**Material for the task**
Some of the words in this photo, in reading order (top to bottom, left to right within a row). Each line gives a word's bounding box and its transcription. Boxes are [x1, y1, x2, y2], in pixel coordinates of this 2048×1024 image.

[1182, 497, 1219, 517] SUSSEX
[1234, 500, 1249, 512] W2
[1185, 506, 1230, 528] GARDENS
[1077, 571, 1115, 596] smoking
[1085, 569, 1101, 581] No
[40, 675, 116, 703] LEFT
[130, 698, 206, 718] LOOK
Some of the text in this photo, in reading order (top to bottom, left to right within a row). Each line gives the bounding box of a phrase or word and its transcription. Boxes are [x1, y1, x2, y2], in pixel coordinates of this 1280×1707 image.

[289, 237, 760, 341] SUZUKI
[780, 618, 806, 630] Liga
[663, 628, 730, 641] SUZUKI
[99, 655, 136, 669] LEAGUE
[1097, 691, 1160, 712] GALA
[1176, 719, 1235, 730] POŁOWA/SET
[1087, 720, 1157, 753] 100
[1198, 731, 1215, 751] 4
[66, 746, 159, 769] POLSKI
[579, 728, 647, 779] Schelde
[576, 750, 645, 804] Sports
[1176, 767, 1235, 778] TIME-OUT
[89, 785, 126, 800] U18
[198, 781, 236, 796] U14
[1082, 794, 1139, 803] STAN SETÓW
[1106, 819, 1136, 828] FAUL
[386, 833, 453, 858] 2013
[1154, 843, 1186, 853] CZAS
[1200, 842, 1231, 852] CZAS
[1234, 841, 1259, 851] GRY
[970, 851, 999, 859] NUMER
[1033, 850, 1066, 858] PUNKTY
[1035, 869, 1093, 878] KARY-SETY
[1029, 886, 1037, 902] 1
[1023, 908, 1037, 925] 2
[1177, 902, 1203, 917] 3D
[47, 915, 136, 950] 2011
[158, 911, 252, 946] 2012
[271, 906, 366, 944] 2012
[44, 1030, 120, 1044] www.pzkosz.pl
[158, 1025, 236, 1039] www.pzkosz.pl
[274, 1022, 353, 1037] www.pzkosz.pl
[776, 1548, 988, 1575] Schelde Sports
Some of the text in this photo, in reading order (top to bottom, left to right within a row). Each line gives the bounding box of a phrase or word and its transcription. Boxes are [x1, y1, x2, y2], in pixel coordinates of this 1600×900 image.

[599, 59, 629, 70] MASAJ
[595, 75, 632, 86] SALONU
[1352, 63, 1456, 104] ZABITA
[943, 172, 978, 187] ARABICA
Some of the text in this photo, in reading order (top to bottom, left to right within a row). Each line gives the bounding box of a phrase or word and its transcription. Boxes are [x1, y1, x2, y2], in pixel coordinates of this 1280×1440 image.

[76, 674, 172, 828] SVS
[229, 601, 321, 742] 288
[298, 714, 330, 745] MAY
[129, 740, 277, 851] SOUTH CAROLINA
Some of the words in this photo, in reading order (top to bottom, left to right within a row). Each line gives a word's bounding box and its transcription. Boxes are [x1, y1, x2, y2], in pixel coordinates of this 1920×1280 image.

**Task objective**
Copy out the lines above, from the one holding "this 1280×1440 image." through the final line, with no other lines.

**Exercise result**
Some of the text in this photo, in reading order (top to bottom, left to right within a row). Each line gives the bounding box of a phrase or word and its transcription. Boxes are [x1, y1, x2, y2], in pixel coordinates of this 1280×1440 image.

[76, 674, 172, 828] SVS
[229, 601, 321, 742] 288
[298, 714, 330, 745] MAY
[129, 740, 277, 851] SOUTH CAROLINA
Some of the words in this photo, in reading order (top to bottom, left to right within a row). Each line gives a word's bounding box and its transcription. Boxes are [x1, y1, x2, y2], in pixel coordinates of this 1920×1280 image.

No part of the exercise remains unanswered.